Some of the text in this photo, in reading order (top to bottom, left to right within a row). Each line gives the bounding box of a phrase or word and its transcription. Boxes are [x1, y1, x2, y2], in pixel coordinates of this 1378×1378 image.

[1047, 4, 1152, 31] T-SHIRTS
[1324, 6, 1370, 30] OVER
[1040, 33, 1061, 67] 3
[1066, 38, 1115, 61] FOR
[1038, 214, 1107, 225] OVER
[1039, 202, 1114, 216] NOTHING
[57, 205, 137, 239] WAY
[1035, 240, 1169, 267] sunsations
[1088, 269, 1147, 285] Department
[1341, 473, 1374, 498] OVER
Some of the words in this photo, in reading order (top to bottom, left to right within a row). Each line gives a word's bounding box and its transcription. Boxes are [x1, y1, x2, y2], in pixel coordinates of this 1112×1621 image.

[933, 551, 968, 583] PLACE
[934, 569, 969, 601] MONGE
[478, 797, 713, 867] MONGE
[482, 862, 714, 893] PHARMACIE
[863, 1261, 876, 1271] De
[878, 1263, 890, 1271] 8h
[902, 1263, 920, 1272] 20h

■ ■ ■ ■

## Problem details
Retype all the material exactly, missing nothing.

## Answer to the exercise
Some of the text in this photo, in reading order (top to bottom, left to right within a row). Each line gives the bounding box of a phrase or word and its transcription. Boxes are [x1, y1, x2, y2], in pixel coordinates of this 1378×1378 image.

[1047, 4, 1152, 31] T-SHIRTS
[1324, 6, 1370, 30] OVER
[1040, 33, 1061, 67] 3
[1066, 38, 1115, 61] FOR
[1038, 214, 1107, 225] OVER
[1039, 202, 1114, 216] NOTHING
[57, 205, 137, 239] WAY
[1035, 240, 1169, 267] sunsations
[1088, 269, 1147, 285] Department
[1341, 473, 1374, 498] OVER
Some of the words in this photo, in reading order (top to bottom, left to right within a row). Each line gives a word's bounding box and its transcription. Boxes are [x1, y1, x2, y2], in pixel coordinates of this 1112×1621 image.

[933, 551, 968, 583] PLACE
[934, 569, 969, 601] MONGE
[478, 797, 713, 867] MONGE
[482, 862, 714, 893] PHARMACIE
[863, 1261, 876, 1271] De
[878, 1263, 890, 1271] 8h
[902, 1263, 920, 1272] 20h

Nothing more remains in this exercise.